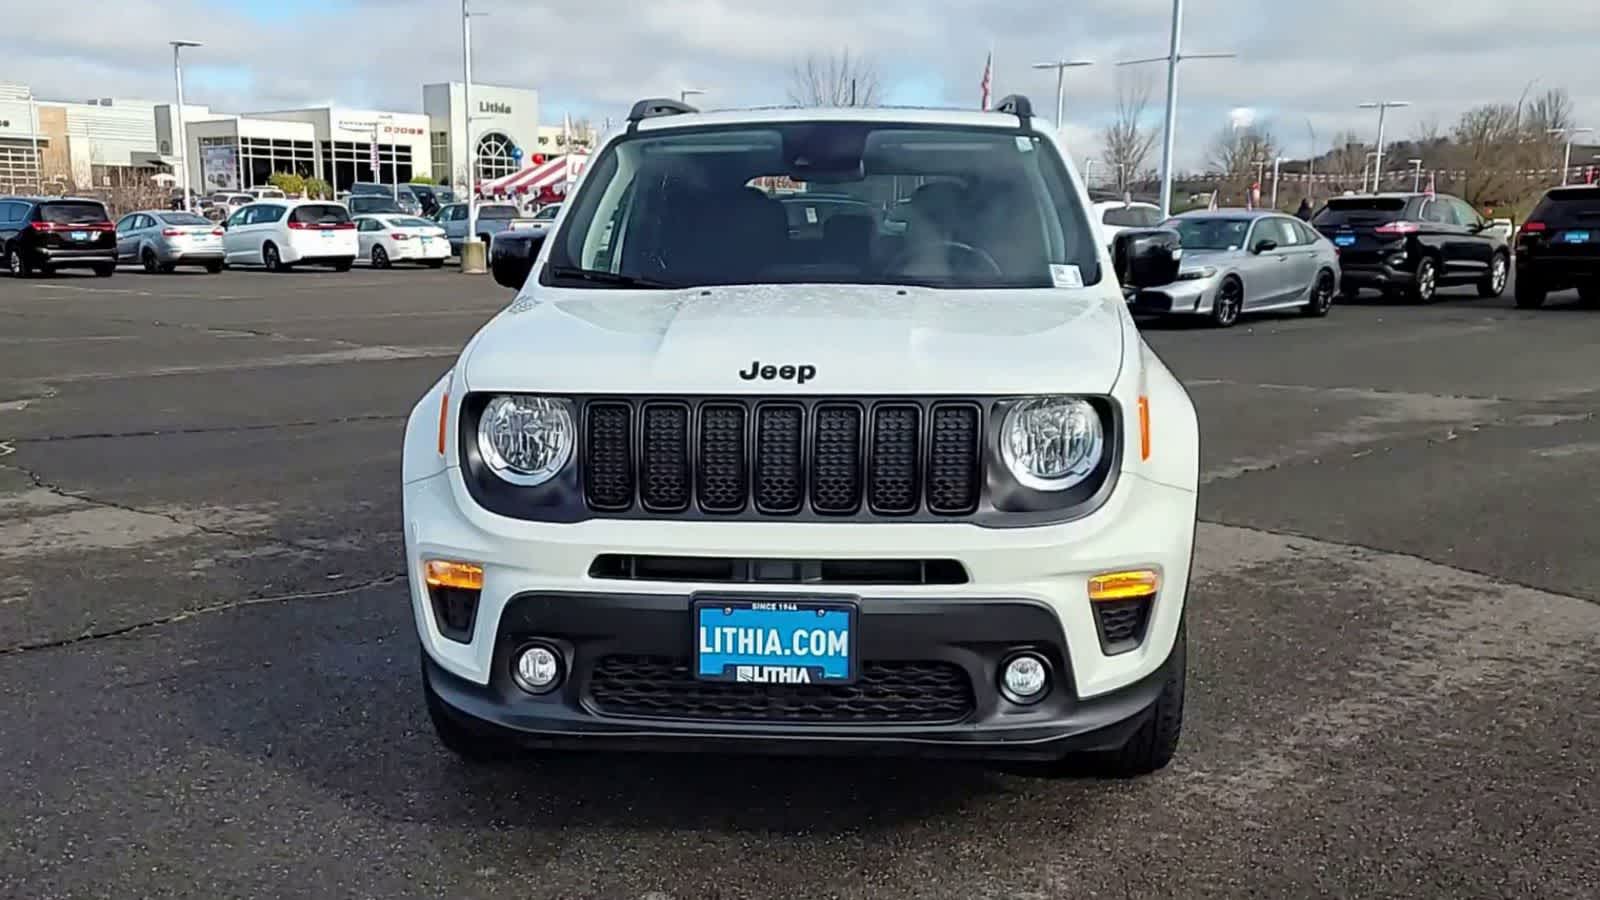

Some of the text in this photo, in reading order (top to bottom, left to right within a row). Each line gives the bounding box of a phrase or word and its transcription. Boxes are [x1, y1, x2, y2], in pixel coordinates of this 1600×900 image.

[739, 361, 816, 384] Jeep
[751, 602, 776, 611] SINCE
[700, 626, 848, 657] LITHIA.COM
[753, 666, 811, 684] LITHIA
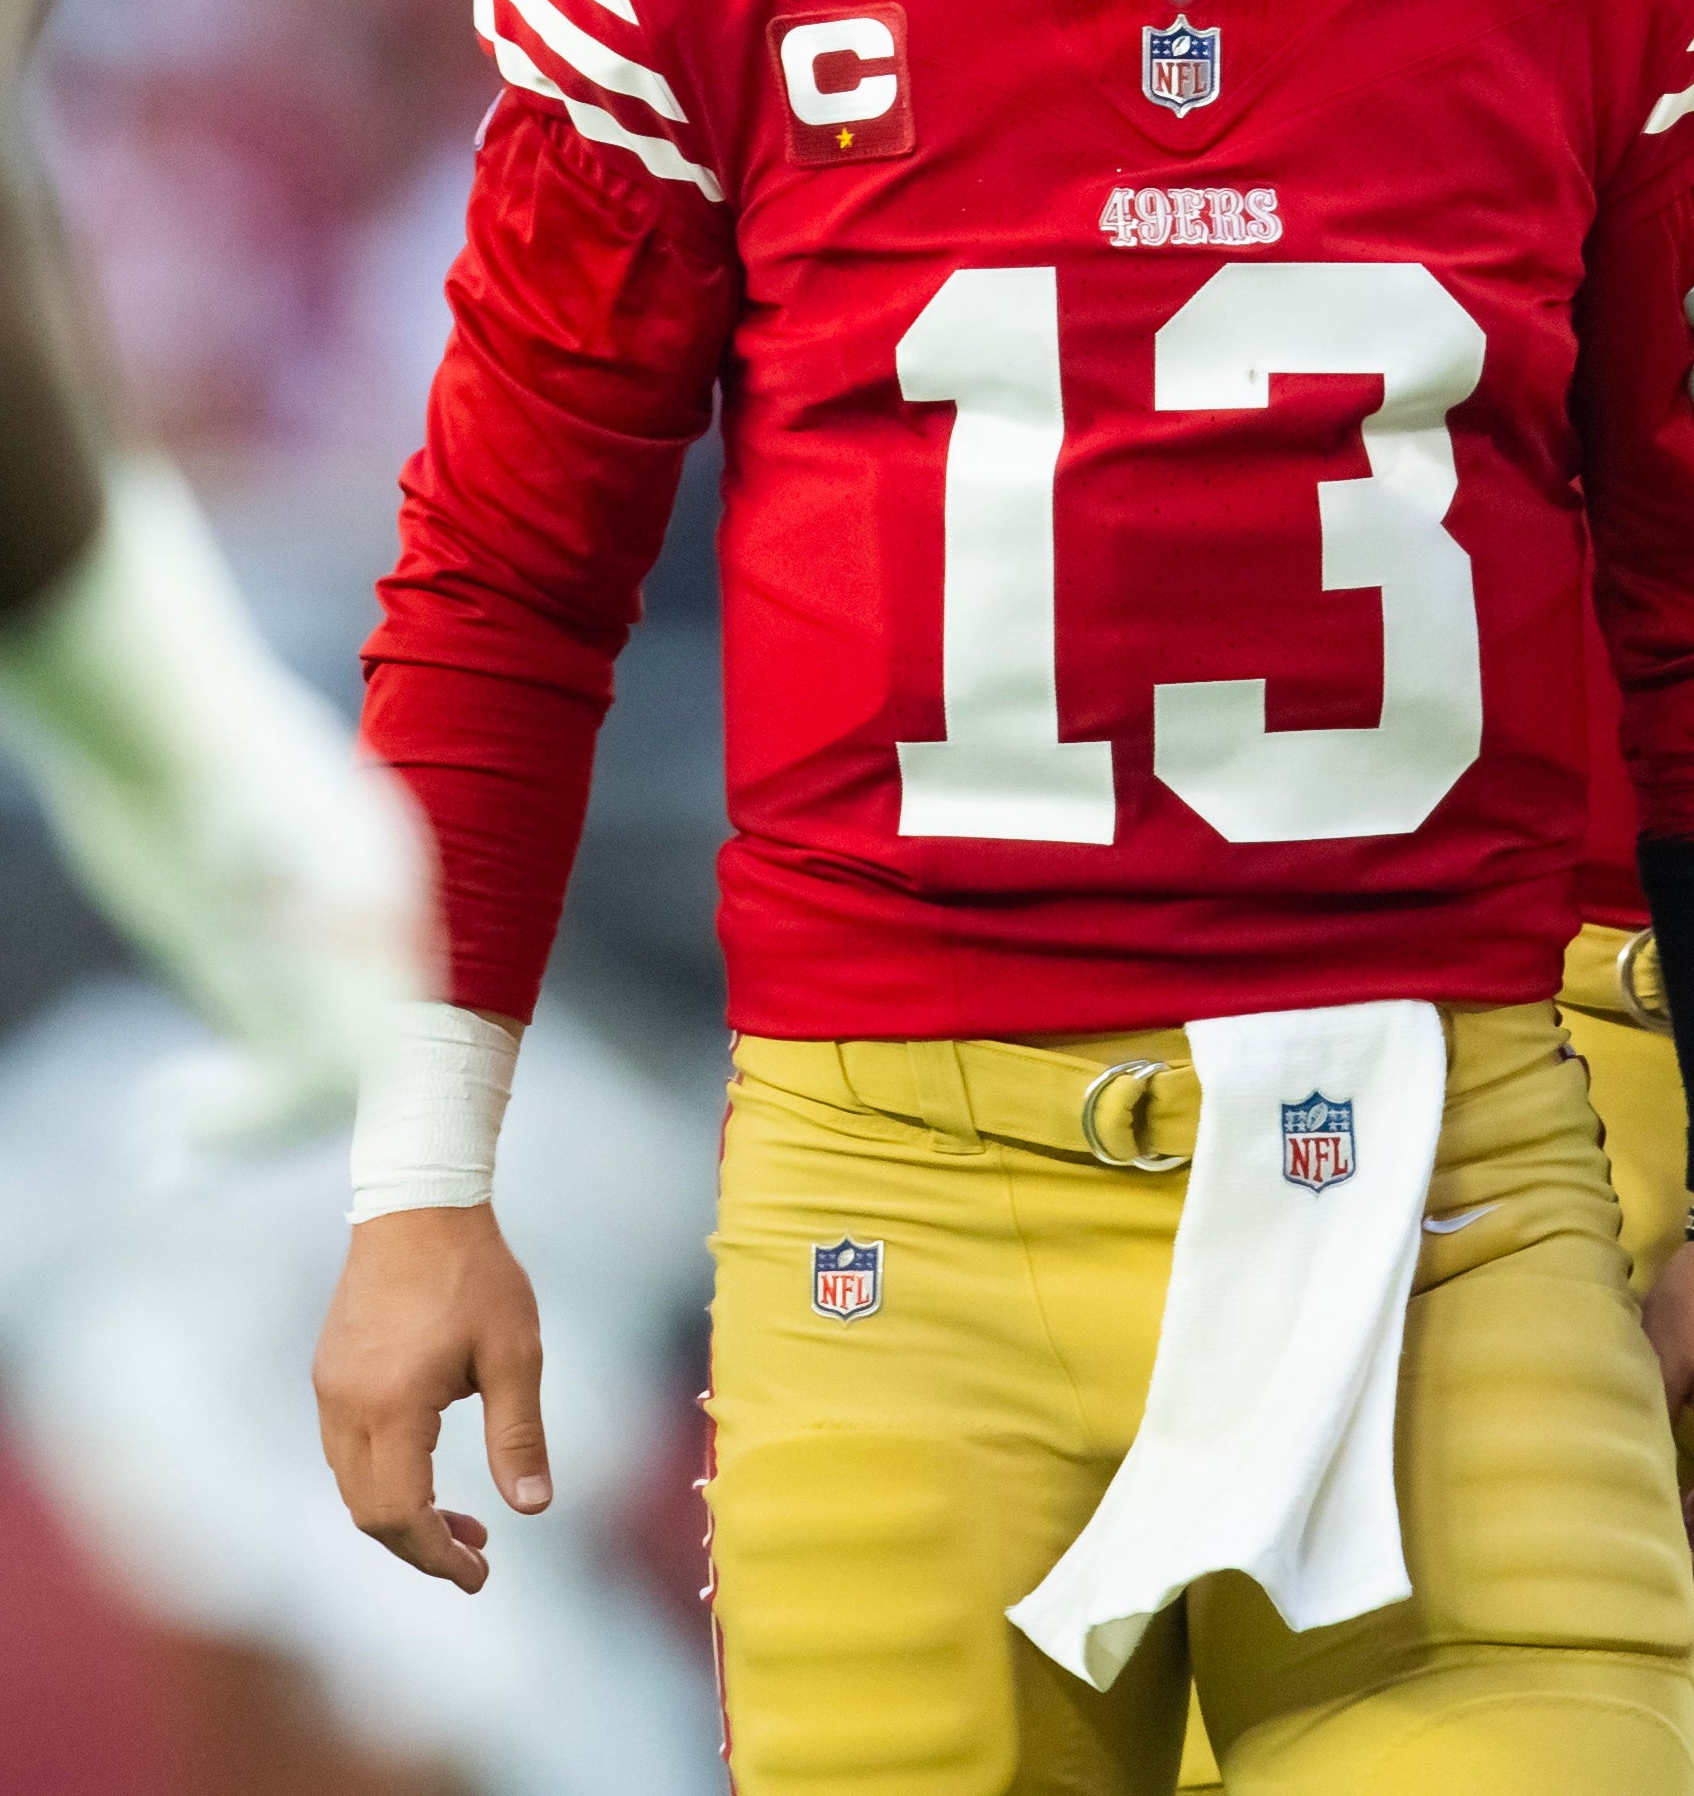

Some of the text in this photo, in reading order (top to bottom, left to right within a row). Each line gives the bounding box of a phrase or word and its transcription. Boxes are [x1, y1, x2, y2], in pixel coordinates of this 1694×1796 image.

• _What the task asks_
Without the pictures, give every line of the data again, exactly as written.

• _Expected answer_
Some of the text in this photo, in reading order (top to bottom, left to right within a row). Each line gives the bounding box of a phrase or word and its transcription. Boxes are [x1, y1, x2, y2], in pixel coordinates of this 1600×900 image.

[739, 361, 816, 384] Jeep
[751, 602, 776, 611] SINCE
[700, 626, 848, 657] LITHIA.COM
[753, 666, 811, 684] LITHIA

Some of the text in this photo, in reading order (top to bottom, left to right within a row). Each line gives the bounding box of a phrase or word and its transcription. Boxes are [x1, y1, x2, y2], in pixel coordinates of this 1694×1796 image.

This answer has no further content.